Le plus étonnant c'est cependant un ermite, lancé dans une ronde sans fin autour de l'église, pieds nus, habillé d'une simple aube de tissu blanc déchirée à l'épaule et portant en sautoir ce qui ressemble à une médaille géante d'un poids extraordinaire (Ni Françoise ni moi ne sommes des mauviettes et il nous fût impossible de la soulever d'une seule main, nous l'avons estimé à environ 10 kg)

En revanche le silence ne semble pas faire partie de la pénitence ! A chaque tour d'église nous avons droit à un torrent de paroles, de sourires, de poignées de main...C'est ainsi, au fil des rotations, que nous apprenons que « Les Français et les Italiens sont les plus sympathiques puisque les plus bavards ! » Que Decebal est un prénom tout à fait historique, que....Et après avoir attiré notre attention sur nos chaussures et bas de pantalons encroûtés de boue, il s'amuse en remarquant que nous rapporterons de la terre Roumaine en France.

Au tour suivant, considérant nos sacs posés sur le sol, il nous avertit de bien les surveiller car « Les Roumains sont voleurs et on les voit de temps en temps arriver en voiture et piquer les sacs » et Enfin au dernier tour nous recevons le conseil de ne pas accepter de nourriture de la cuisine du monastère sous peine « d'avoir un gros ventre »....

Au temps pour l'image d'Epinal de l'ermite austère et taciturne.



Quitter Agapia









Le monastère suivant, Agapia tout court est à une demi heure de marche.
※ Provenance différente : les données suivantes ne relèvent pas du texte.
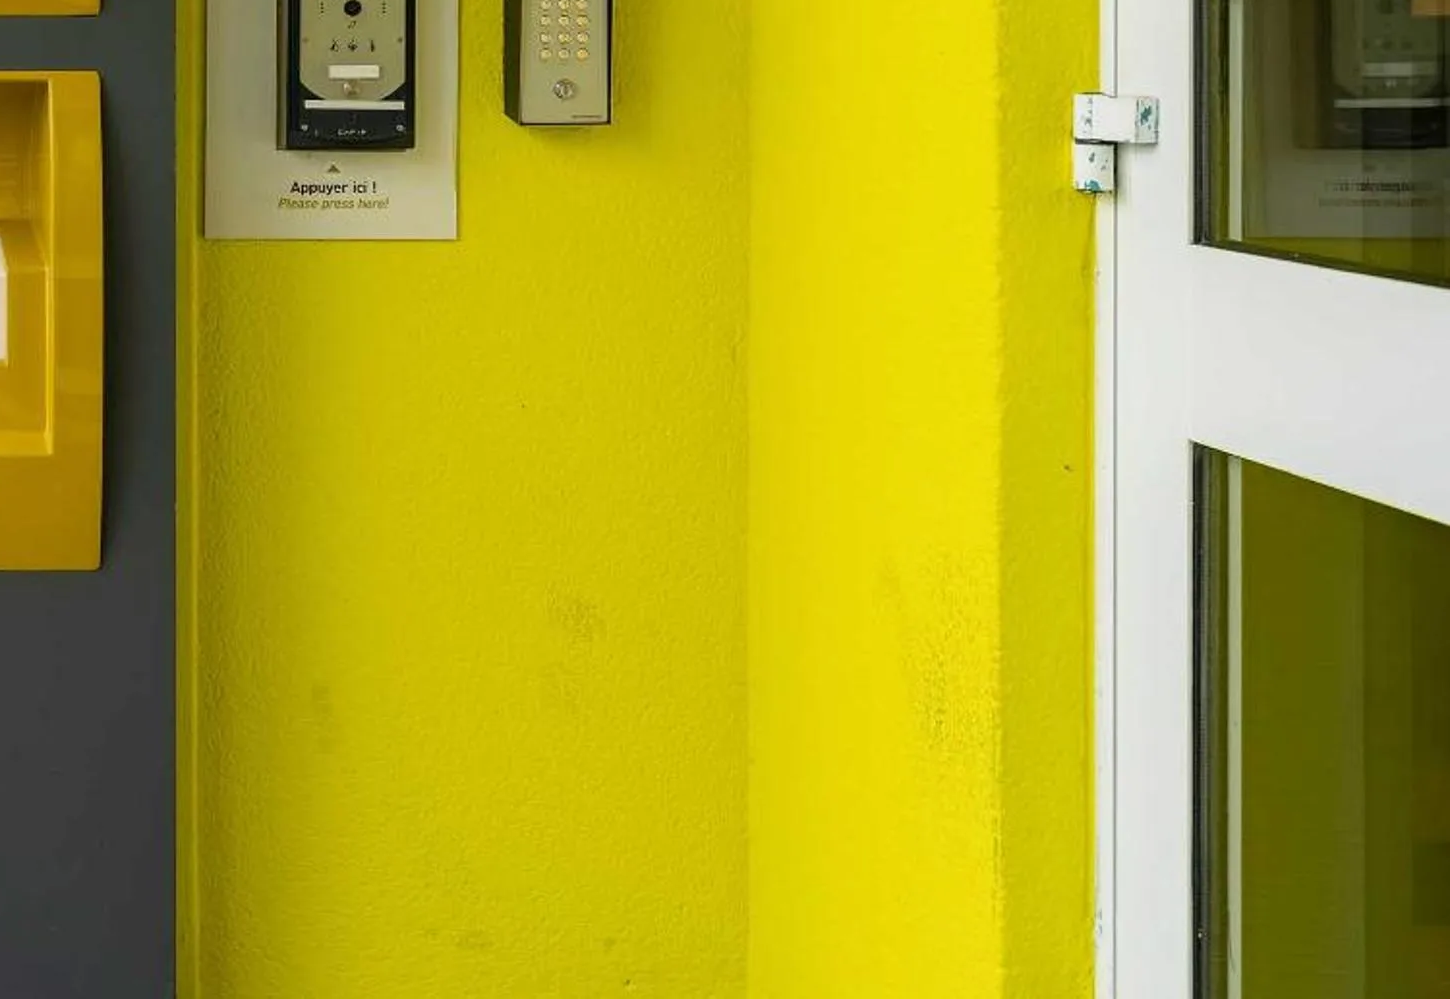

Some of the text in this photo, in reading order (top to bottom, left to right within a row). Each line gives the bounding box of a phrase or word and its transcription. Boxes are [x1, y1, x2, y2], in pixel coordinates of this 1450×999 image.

[290, 180, 377, 195] Appuyer ici !
[278, 198, 390, 211] Please press here!
Plus récent, plus touristique, l’intérêt en est très limité.

Il est temps de préparer la dernière étape... Marche, stop... Jusqu'à Targu Neamt où nous dénichons un bus pour une proche grande ville, Roman, sur le parcours du train de Bucarest.

Dans Roman, grande ville « soviétique », il faut « chasser » hôtels et restaurants...En revanche l'employée des chemins de fer est adorable. Nous sommes munis de deux billets pour joindre la capitale le lendemain. Ensuite longue attente à l'aéroport, vol de nuit pour Barcelone, puis le lendemain pour Lyon, ainsi vont les voies détournées des vols charters....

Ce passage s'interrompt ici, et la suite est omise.